The Genetic FTD Initiative (GENFI) is a cohort study enrolling symptomatic carriers of mutations in the genes causing FTD as well as their adult (>age 18) at-risk first-degree relatives (i.e., both presymptomatic mutation carriers and people who are mutation-negative; i.e., noncarriers). For this study, all MAPT mutation carriers (82 total: 25 symptomatic, 57 presymptomatic) who had cross-sectional volumetric T1-weighted MRI data available from Data Freeze 4 of GENFI2 were selected for inclusion in our analysis. As a control population for z scoring imaging data, we used data from 300 noncarriers from the GENFI cohort with available cross-sectional volumetric MRI. As a control population for statistical testing, we used data from the 48 of these noncarriers who were first-degree relatives of known symptomatic carriers of mutations in the MAPT gene. Fifty of the 82 MAPT mutation carriers had follow-up MRI scans at 1 or more time points (total of 92 follow-up scans available), which were used to check the consistency of the SuStaIn subtype and stage assignments at follow-up.

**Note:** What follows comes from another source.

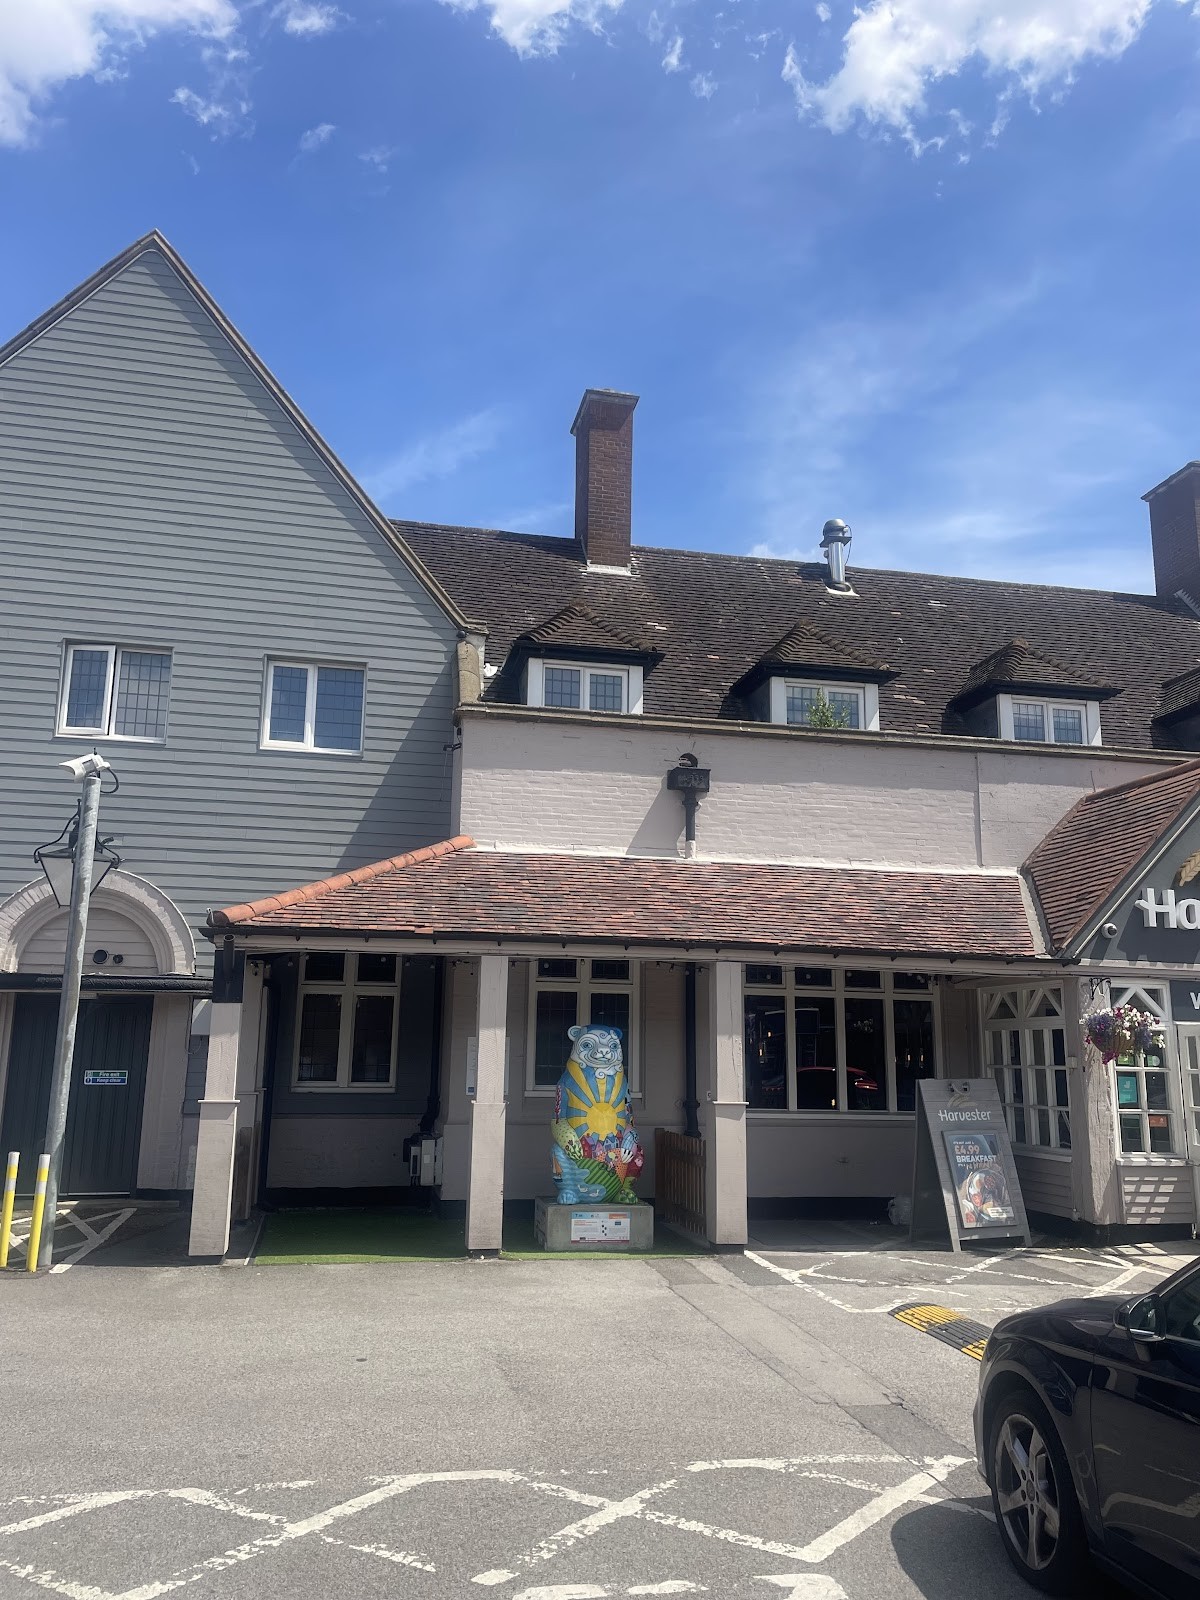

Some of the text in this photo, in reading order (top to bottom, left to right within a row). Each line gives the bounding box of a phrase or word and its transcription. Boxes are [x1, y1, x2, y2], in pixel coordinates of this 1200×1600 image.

[938, 1108, 991, 1121] Harvester
[954, 1145, 980, 1154] £4.99
[956, 1155, 997, 1163] BREAKFAST

Standard Protocol Approvals, Registrations, and Patient Consents

Local ethics committees at each of the sites approved the study and all participants provided informed written consent.

Imaging Data

The acquisition and postprocessing procedures have been described previously.2 Briefly, cortical and subcortical volumes were generated using a multiatlas segmentation propagation approach known as geodesic information flow (GIF)8 on T1-weighted MRI. The volumes of 19 cortical and 7 subcortical regions were calculated comprising the orbitofrontal cortex, dorsolateral prefrontal cortex, ventromedial prefrontal cortex, motor cortex, opercular cortex, frontal pole, medial temporal cortex, lateral temporal cortex, temporal pole, supratemporal cortex, medial parietal cortex, lateral parietal cortex, sensory cortex, occipital cortex, anterior cingulate cortex, middle cingulate cortex, posterior cingulate cortex, anterior insular cortex, posterior insular cortex, amygdala, hippocampus, caudate, putamen, nucleus accumbens, globus pallidus, and thalamus. The total cerebellar volume was also calculated. A list of the GIF subregions included in each cortical region is included in eTable 1 (doi.org/10.5061/dryad.rxwdbrv83). All volumes were corrected for head size (total intracranial volume calculated using SPM 129), scanner field strength (1.5T or 3T), age, and sex by estimating a linear regression model in a control population of 300 noncarriers (see Methods: Participants) and then propagating this model to the MAPT mutation carriers. There were no significant differences in head size (p = 0.80, t test), field strength (p = 0.37, χ2 test), age (p = 0.56, t test), or sex (p = 0.35, χ2 test) between the MAPT mutation carriers and the control population, and the control population covered a wider age range than the mutation carriers. The corrected volumes were then converted into z scores relative to the control population for use as input to SuStaIn, giving the control population a mean of 0 and an SD of 1. As regional brain volumes decrease with disease progression, the z scores become negative as the disease progresses. For simplicity, we multiplied the z scores by −1, giving positive z scores that increase with disease progression.

Genetic Data

Sequencing was performed at each site to determine the presence of the specific MAPT mutation. To avoid unblinding of genetic status (mutation carrier or noncarrier) for individuals from families with rare mutations, in the presymptomatic mutation carrier group we only report the individual mutations if there are also noncarriers with that particular mutation, or for individuals who converted to being symptomatic during follow-up.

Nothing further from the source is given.